**Exercise prompt:**
Without the pictures, copy the entries below word for word.

**Stored data entries:**

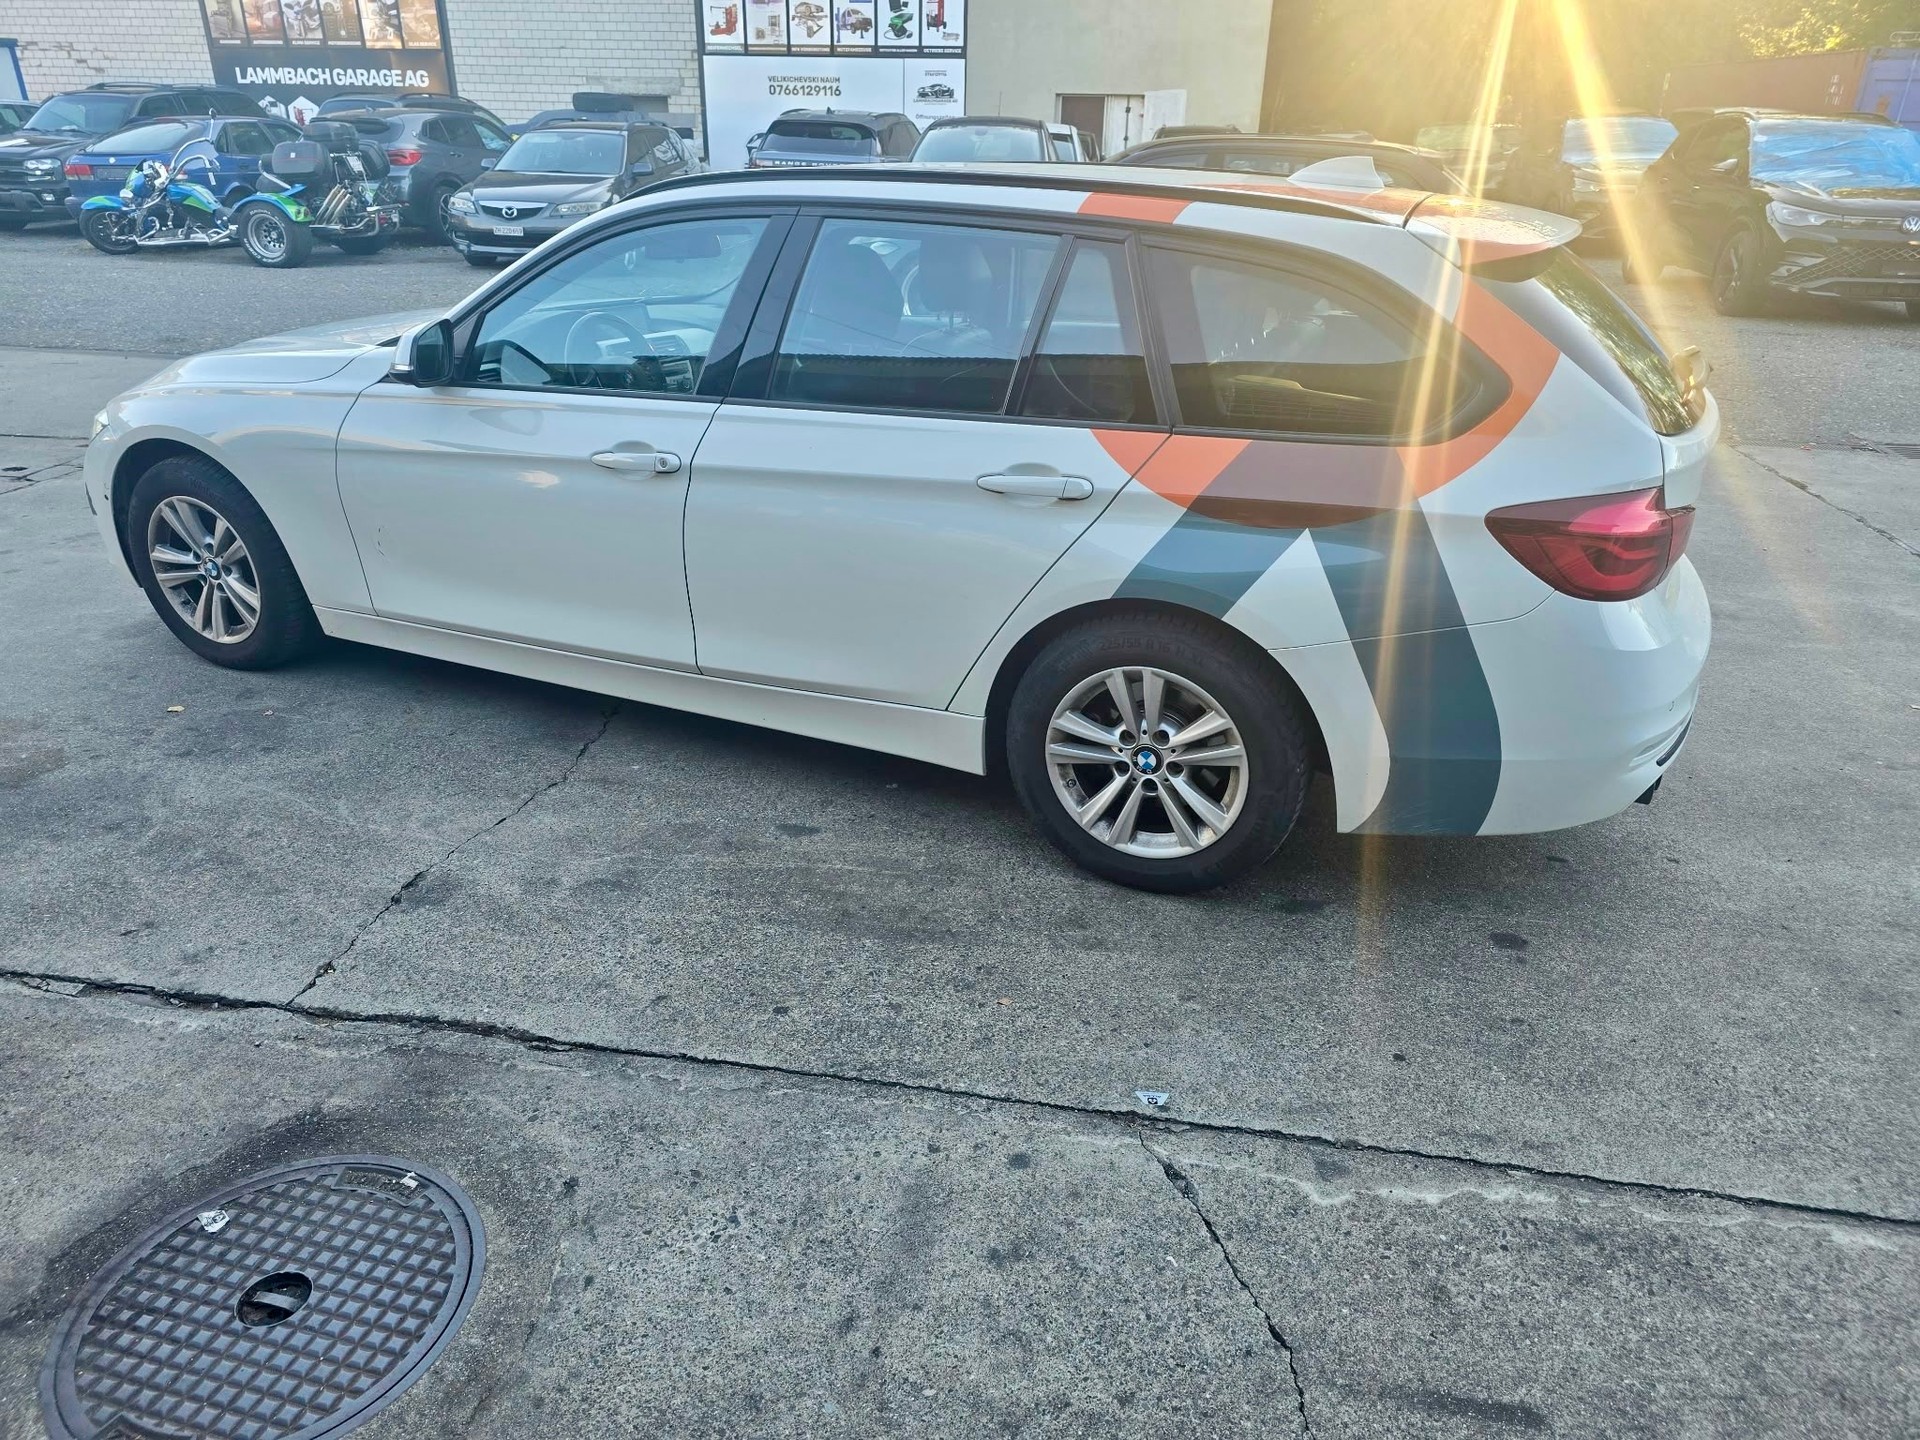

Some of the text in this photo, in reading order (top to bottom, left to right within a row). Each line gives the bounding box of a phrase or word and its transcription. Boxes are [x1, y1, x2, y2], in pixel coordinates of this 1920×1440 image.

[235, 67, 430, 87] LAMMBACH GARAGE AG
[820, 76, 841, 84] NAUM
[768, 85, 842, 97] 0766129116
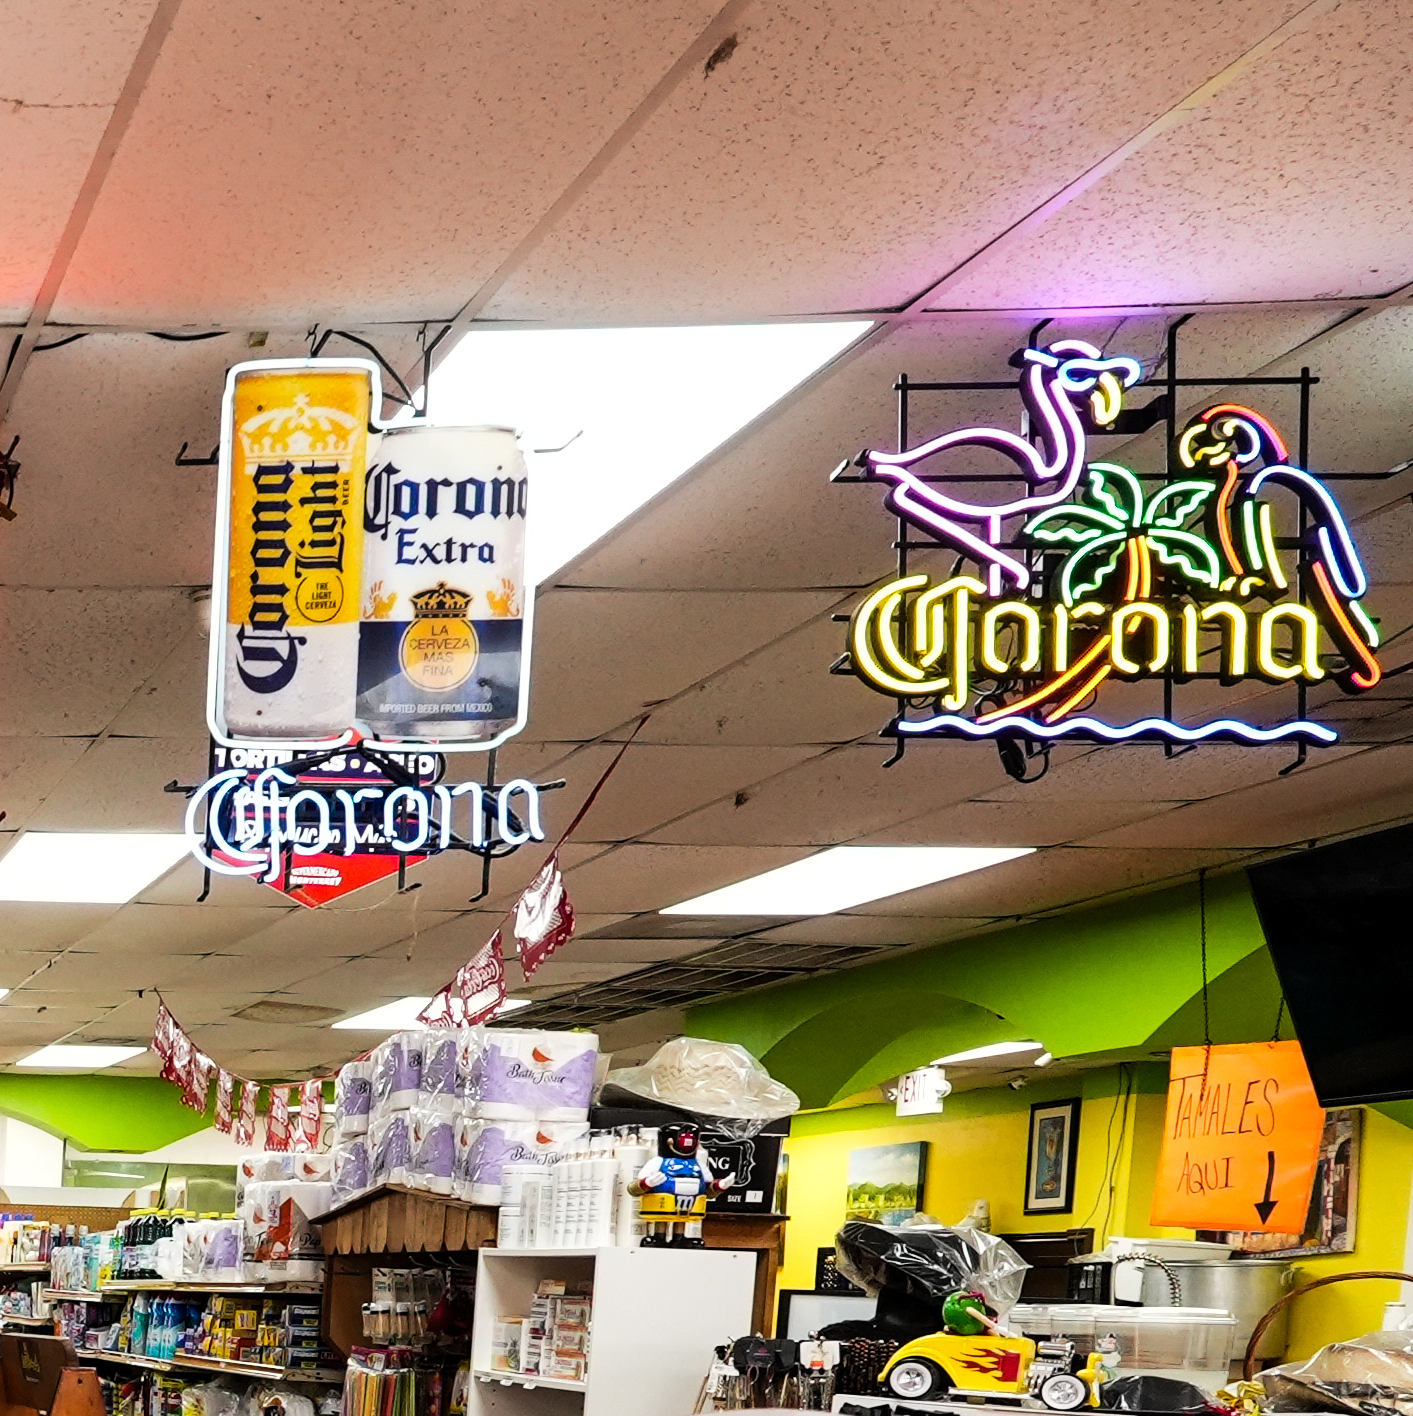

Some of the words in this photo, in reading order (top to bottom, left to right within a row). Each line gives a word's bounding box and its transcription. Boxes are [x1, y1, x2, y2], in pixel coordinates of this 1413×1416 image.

**Answer to the problem:**
Some of the text in this photo, in reading order (top to bottom, left to right within a row). Each line gives the bounding box of a phrase or word and its transcription. Boxes are [x1, y1, x2, y2], in pixel coordinates of this 1920×1440 image.

[235, 67, 430, 87] LAMMBACH GARAGE AG
[820, 76, 841, 84] NAUM
[768, 85, 842, 97] 0766129116

Some of the words in this photo, in reading order (top to bottom, left to right within a row). Each line gives a word's bounding box and its transcription. Boxes are [x1, y1, x2, y2], in pixel coordinates of this 1413×1416 image.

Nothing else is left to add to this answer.